Pictures found in the material must be left out, and every line returned as written.

(SUPPLIED MATERIAL)
=== Section Start ===

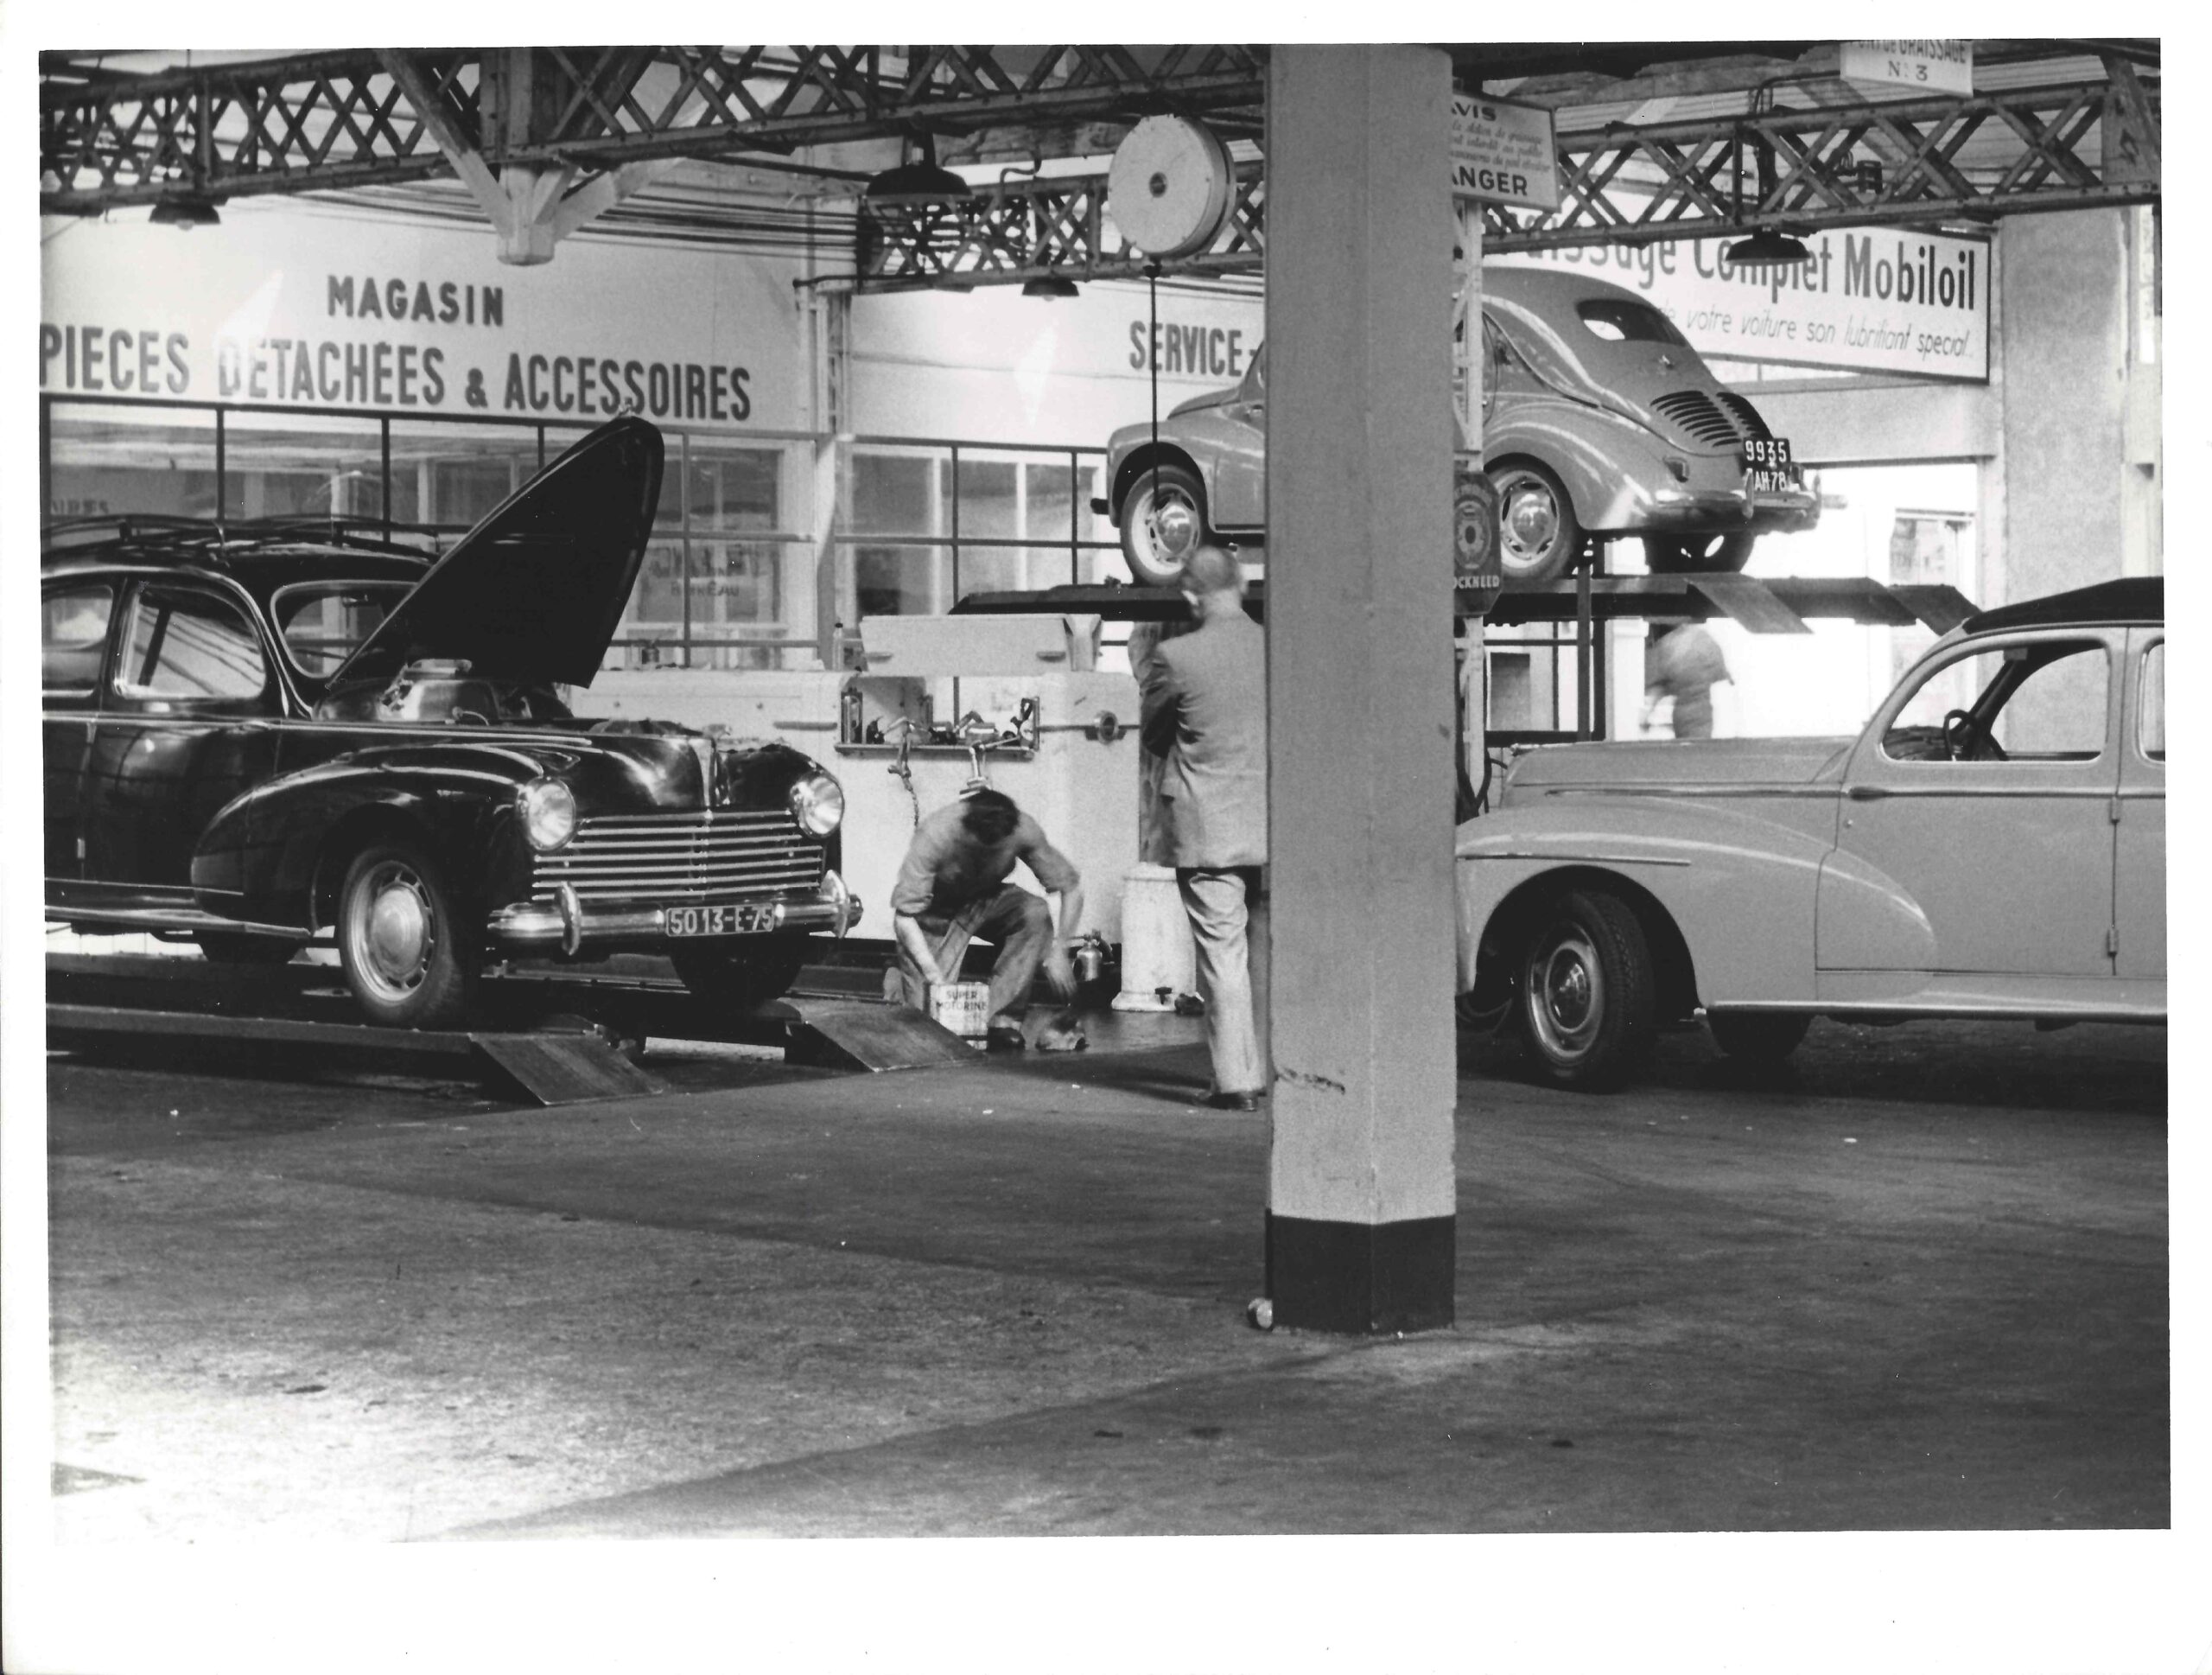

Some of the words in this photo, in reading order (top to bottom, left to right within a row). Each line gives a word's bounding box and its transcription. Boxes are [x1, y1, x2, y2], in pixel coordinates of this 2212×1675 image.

[1916, 64, 1929, 81] 3
[1844, 233, 1974, 310] Mobiloil
[327, 274, 504, 327] MAGASIN
[1129, 321, 1243, 377] SERVICE
[1687, 303, 1732, 334] votre
[1741, 308, 1797, 340] voiture
[1807, 322, 1836, 344] son
[1844, 313, 1912, 351] lubrifiant
[40, 322, 190, 394] PIECES
[464, 368, 488, 409] &
[504, 352, 751, 422] ACCESSOIRES
[1745, 440, 1787, 462] 9935
[946, 990, 977, 1000] SUPER

=== Section End ===

(TASK RESPONSE)
Some of the words in this photo, in reading order (top to bottom, left to right within a row). Each line gives a word's bounding box and its transcription. Boxes are [x1, y1, x2, y2], in pixel coordinates of this 2212×1675 image.

[1916, 64, 1929, 81] 3
[1844, 233, 1974, 310] Mobiloil
[327, 274, 504, 327] MAGASIN
[1129, 321, 1243, 377] SERVICE
[1687, 303, 1732, 334] votre
[1741, 308, 1797, 340] voiture
[1807, 322, 1836, 344] son
[1844, 313, 1912, 351] lubrifiant
[40, 322, 190, 394] PIECES
[464, 368, 488, 409] &
[504, 352, 751, 422] ACCESSOIRES
[1745, 440, 1787, 462] 9935
[946, 990, 977, 1000] SUPER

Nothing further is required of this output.